For a couple years now, I’ve seen different parties in the ServiceNow ecosystem advocating that customers revert their applications to “Out-of-the-Box (OOB)”. I’ve always felt this message is not very and I haven't seen much discussion of this double-edged-sword of instance hygiene. Maybe everyone already gets everything that follows below but just in case anyone out there doesn’t, here is my take on the topic of “Reverting to out-of-the-box” OOB:

The Good

Reverting customizations to their out of the box state will help minimize issues when you upgrade. Every time you do an upgrade ServiceNow is performing a merge of your changes with the latest out-of-the-box changes. Very specifically, if you change a record that ships out of the box then, “you own it”. You will not get the latest version of an out-of-the-box record if you have customized it. This methodology is great for making sure that your customizations are not overwritten but it doesn’t guarantee your applications still work post-upgrade. Meta-data records often have dependencies on other meta-data and when you lock in an old version you risk that they are not compatible with the newest versions of their dependencies.

The Bad

My biggest fear with the messaging around adhering to out-of-the-box is that I feel like it's often delivered without any nuance and so what people are actually hearing is that you shouldn’t do anything custom on ServiceNow. The end-result becomes something close to: “You shouldn’t take your car out of the garage because you’ll have to take it in for maintenance”. ServiceNow is a powerful platform. I would argue (full disclosure I am super biassed) that ServiceNow is the best software development platform available for enterprise applications. I hate to think that people buy it and then don’t ever do anything to customize it!

The Better

At the end of the day, all the reverting to out-of-the-box advice is a bit of a distraction from the better option that everyone can be doing to get through their upgrades more smoothly. What is this better option? Automate your testing! The fact is that even if you get rid of all your customizations that appear in your skip list you’d still be foolish to upgrade without testing. So, while there are insane customizations that you should never do (updating OOB UI Macros comes to mind) a focus on better testing through automation is going to get you more bang for your buck and without having to sacrifice, an instance that actually works to the specifications of your business.

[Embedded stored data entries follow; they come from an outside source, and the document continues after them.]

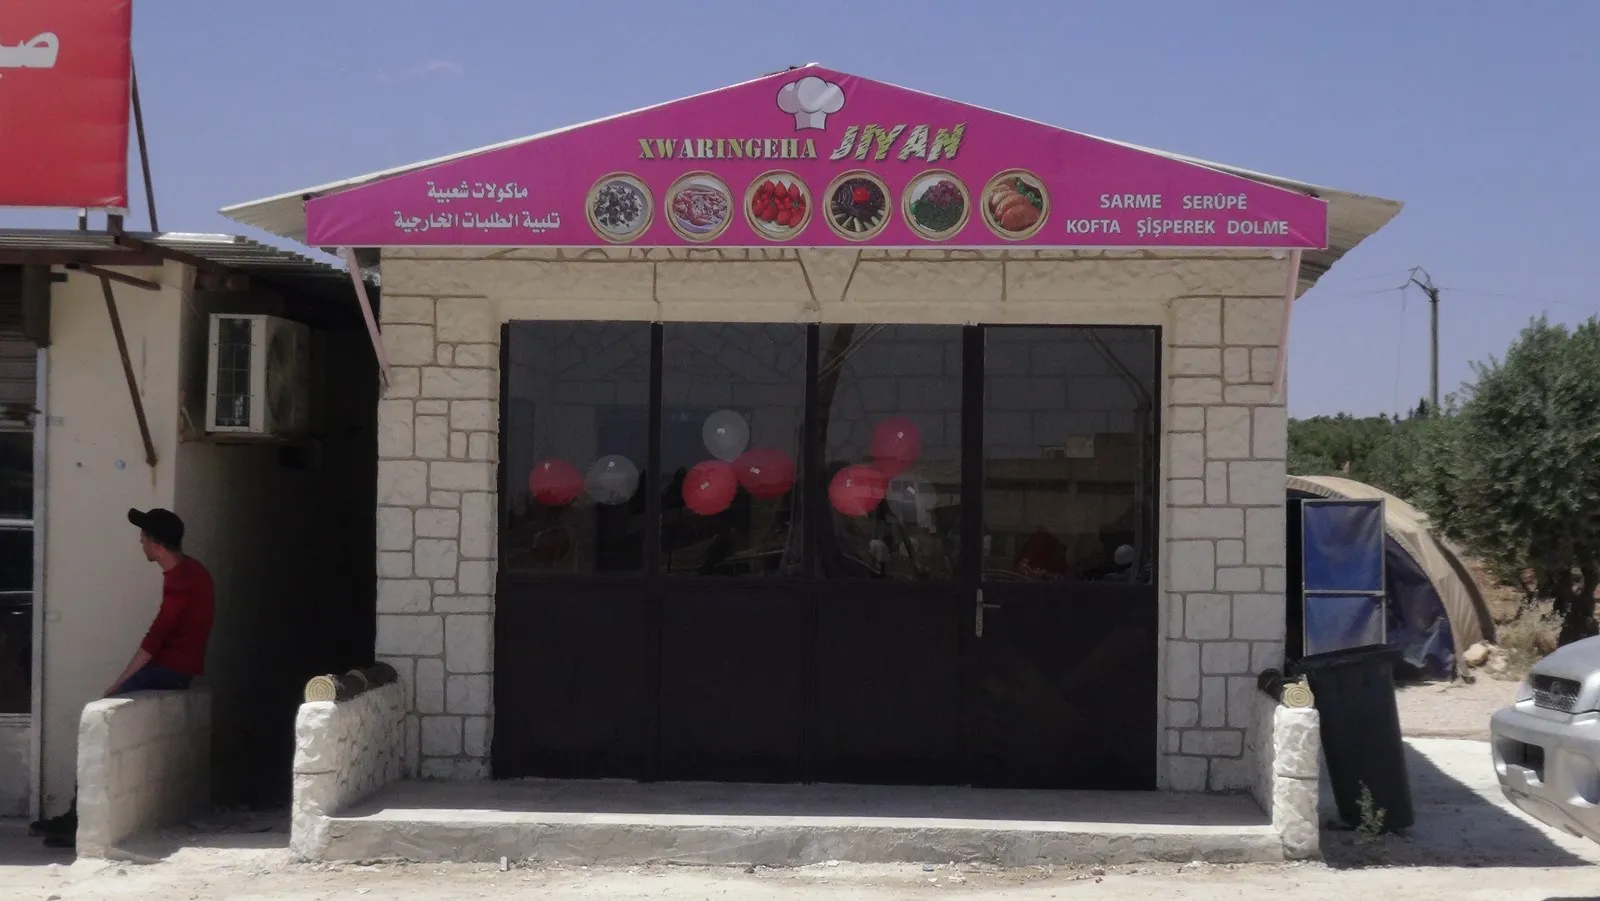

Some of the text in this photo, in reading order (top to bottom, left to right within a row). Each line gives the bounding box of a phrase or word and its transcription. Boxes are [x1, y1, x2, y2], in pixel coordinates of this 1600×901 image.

[638, 123, 968, 163] XWARINGEHA JIYAN
[426, 181, 529, 204] مأكولات شعبية
[1100, 193, 1247, 210] SARME SERÛPÊ
[393, 210, 561, 234] تلبية الطلبات الخارجية
[1066, 219, 1121, 234] KOFTA
[1227, 219, 1289, 235] DOLME

Check out my previous blog post about Automated testing in ServiceNow for more information about automated testing and why its a game changer for how customers upgrade and test their update sets. DotWalk provides an AI powered solution, Bootstrap, that can immediately automate testing of hundreds of use cases on your instance with the click-of-a-button. Tests run natively in ServiceNow’s automated testing framework. What makes Bootstrap different from any other automated testing framework out there is that our software will write the tests for you!

Reach out and we’ll show you how, with the click of a button, you can transform how you do your upgrades!

Final Takeaways

  1. You are only creating risk if you are customizing something that ships out-of-the-box not if you’re adding net-new business rules etc.
  2. Even if you are customizing something that ships out-of-the-box the risk is minimal if the thing doesn’t have any dependencies.
  3. You really, really, shouldn’t customize things that ship out of the box if they have dependencies and you’re doing anything more than just shutting that function or feature off. If you’re unclear what is meant by “has dependencies” then you can just read this as metadata records that have code.
  4. Please don’t let irrational fear prevent you from getting the most of your ServiceNow instance where you feel like you can’t do simple, safe customizations like creating new business rules or worse stop you from creating custom applications. This really has nothing to do with the problem that reverting to out-of-the-box aims to fix
  5. If you have any high risk customizations and they are in your skip list then strongly consider reverting them to OOB. But don’t waste too much time or money worrying about this. You’re better off investing in automating your testing as a solution to difficult upgrades.

Jared Laethem is a software engineer and CEO of DotWalk. Jared spent 10 years working at ServiceNow, the majority spent helping build and lead teams that built parts of the ServiceNow platform including its upgrade systems and the ServiceNow Automated Testing Framework.